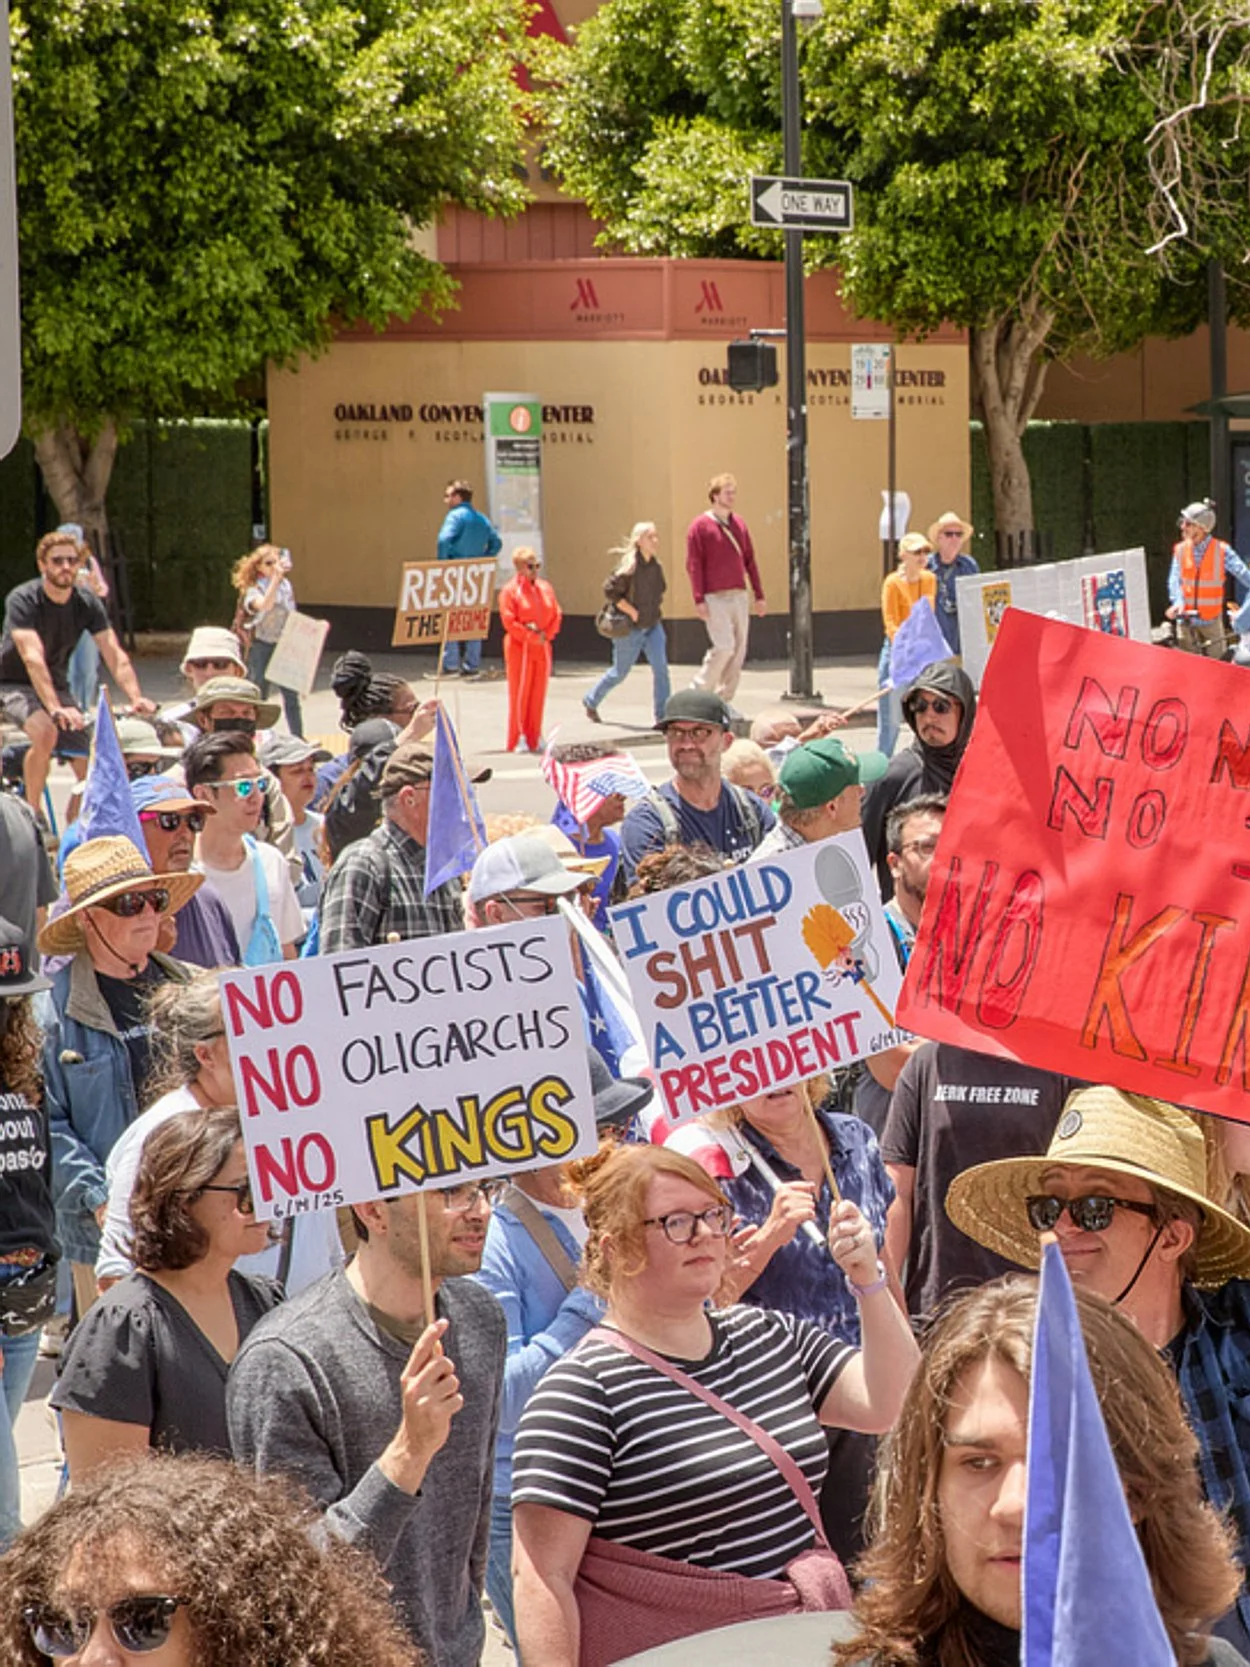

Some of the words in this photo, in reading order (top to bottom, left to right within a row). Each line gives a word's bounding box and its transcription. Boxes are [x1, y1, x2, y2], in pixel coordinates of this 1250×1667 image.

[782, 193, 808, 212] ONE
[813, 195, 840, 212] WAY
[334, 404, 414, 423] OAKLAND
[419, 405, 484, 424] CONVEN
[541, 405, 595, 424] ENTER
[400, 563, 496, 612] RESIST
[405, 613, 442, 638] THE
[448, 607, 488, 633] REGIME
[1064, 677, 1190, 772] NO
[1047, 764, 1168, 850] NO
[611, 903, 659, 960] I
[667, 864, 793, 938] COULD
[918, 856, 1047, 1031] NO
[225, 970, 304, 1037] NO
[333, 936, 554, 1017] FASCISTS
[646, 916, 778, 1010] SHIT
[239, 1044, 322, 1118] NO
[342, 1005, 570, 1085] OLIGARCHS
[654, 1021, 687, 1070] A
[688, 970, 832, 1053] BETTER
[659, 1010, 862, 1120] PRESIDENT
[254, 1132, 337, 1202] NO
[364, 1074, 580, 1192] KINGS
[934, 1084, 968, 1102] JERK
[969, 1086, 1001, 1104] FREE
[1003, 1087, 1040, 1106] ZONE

++++++++

:: What is needed ::
Leaving aside the pictures, copy the listing above exactly.

:: Response area ::
Some of the words in this photo, in reading order (top to bottom, left to right within a row). Each line gives a word's bounding box and its transcription. Boxes are [x1, y1, x2, y2], in pixel coordinates of this 1250×1667 image.

[782, 193, 808, 212] ONE
[813, 195, 840, 212] WAY
[334, 404, 414, 423] OAKLAND
[419, 405, 484, 424] CONVEN
[541, 405, 595, 424] ENTER
[400, 563, 496, 612] RESIST
[405, 613, 442, 638] THE
[448, 607, 488, 633] REGIME
[1064, 677, 1190, 772] NO
[1047, 764, 1168, 850] NO
[611, 903, 659, 960] I
[667, 864, 793, 938] COULD
[918, 856, 1047, 1031] NO
[225, 970, 304, 1037] NO
[333, 936, 554, 1017] FASCISTS
[646, 916, 778, 1010] SHIT
[239, 1044, 322, 1118] NO
[342, 1005, 570, 1085] OLIGARCHS
[654, 1021, 687, 1070] A
[688, 970, 832, 1053] BETTER
[659, 1010, 862, 1120] PRESIDENT
[254, 1132, 337, 1202] NO
[364, 1074, 580, 1192] KINGS
[934, 1084, 968, 1102] JERK
[969, 1086, 1001, 1104] FREE
[1003, 1087, 1040, 1106] ZONE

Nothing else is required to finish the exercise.